A Miami jail guard who threw a cup of scalding water on an inmate, leaving him with second-degree burns pleaded guilty to a misdemeanor battery today.
Charlise Daniels-Wadley, who agreed to resign from her position, received one year of probation and will be required to do 50 hours of community service.
The incident took place in 2012 after Daniels-Wadley got into an argument with inmate Joshua Wiggins, who was released from prison last month after serving two years for cocaine trafficking.
The Miami Herald reports that she accepted the plea deal with Wiggins’ “blessing,” who will probably agree to anything as long as he is not scalded anymore.
Miami-Dade prosecutors say that in August 2012 Daniels-Wadley got into “an exchange of insults” with inmate Joshua Wiggins, who was awaiting trial for cocaine trafficking. At one point, she threatened to spray him with mace. Several minutes later, according to corrections investigators, Daniels-Wadley returned, opened the food flap of Wiggins’ cell and threw in hot liquid from a cup.

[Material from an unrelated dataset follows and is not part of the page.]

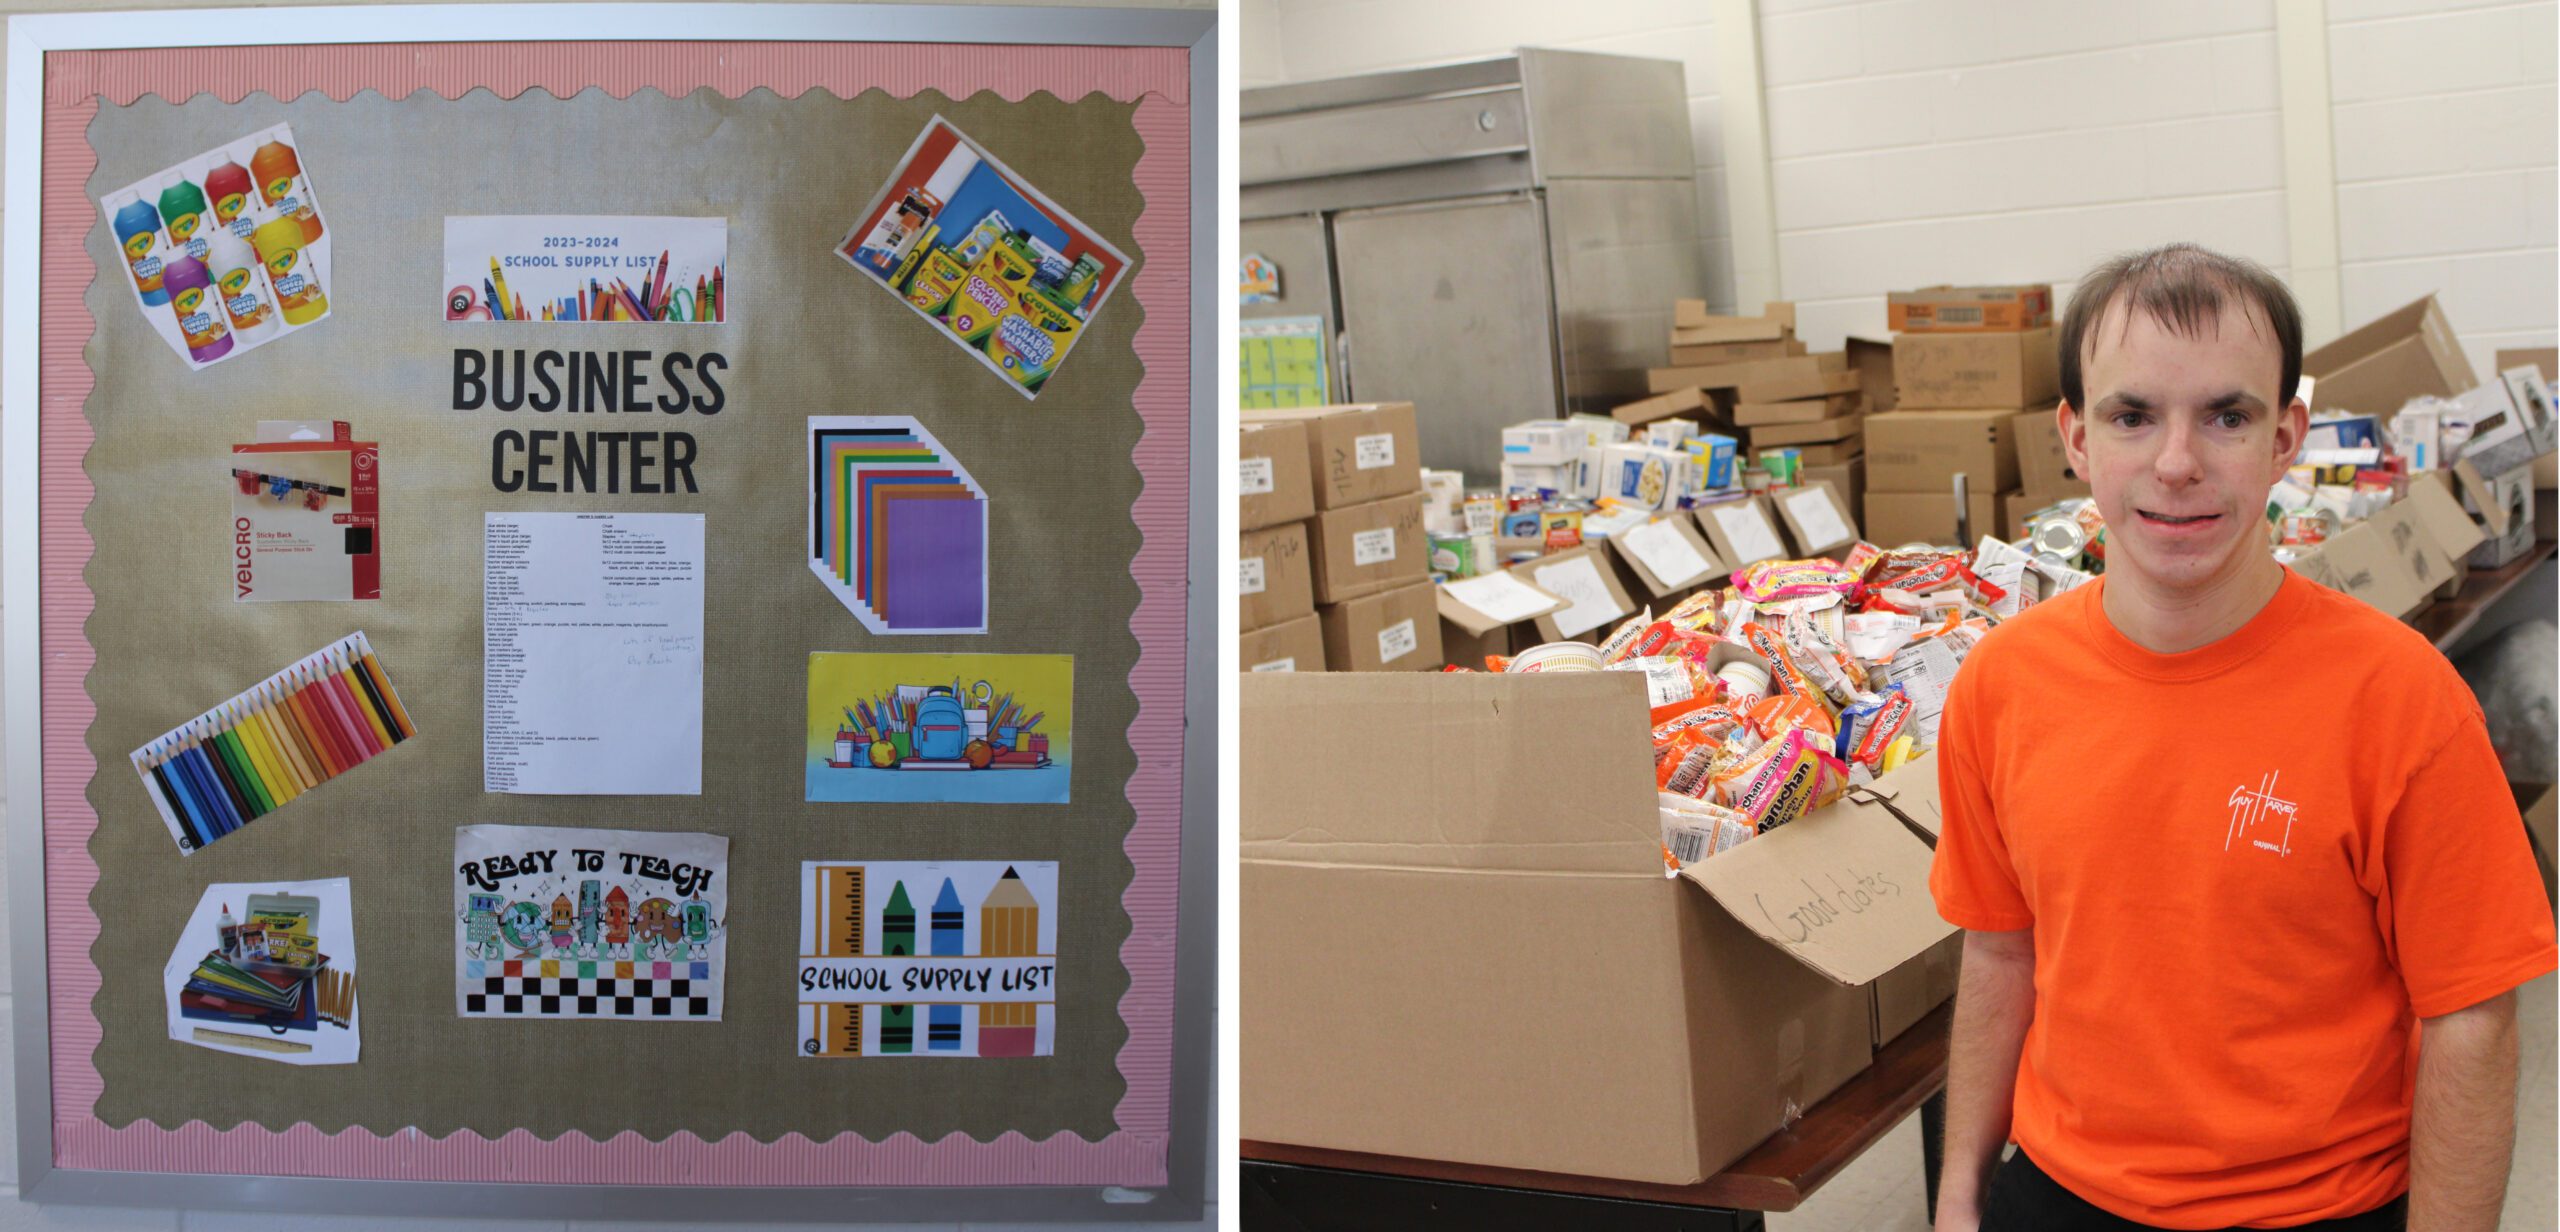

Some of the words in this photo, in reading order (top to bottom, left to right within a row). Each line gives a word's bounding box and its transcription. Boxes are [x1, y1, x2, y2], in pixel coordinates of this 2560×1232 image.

The burns on his chest caused intense pain for hours. According to investigators, Wiggins “repeatedly begged for access to medical care and a telephone.”
It was not until 6:30 p.m. that night that Wiggins, 21, called his sister to report what had happened. “He spent the rest of the night crying for medical help,” investigators said.
He was taken to a clinic the next morning – pointing out to officers that Daniels-Wadley, 28, was the person who attacked him. A doctor diagnosed him as having suffered second-degree burns; another doctor consulted by prosecutors estimated the water could have been as hot as 140 degrees.
On a side note, back in 2007 when I was convicted of resisting arrest stemming from an arrest for taking photos of cops – even though I was acquitted of all the other charges – I was sentenced to a year probation and 100 hours of community service along with eight hours of anger management.
Same courthouse, same jailhouse and same prosecutor’s office but a different judge who had a much stricter approach to sentencing.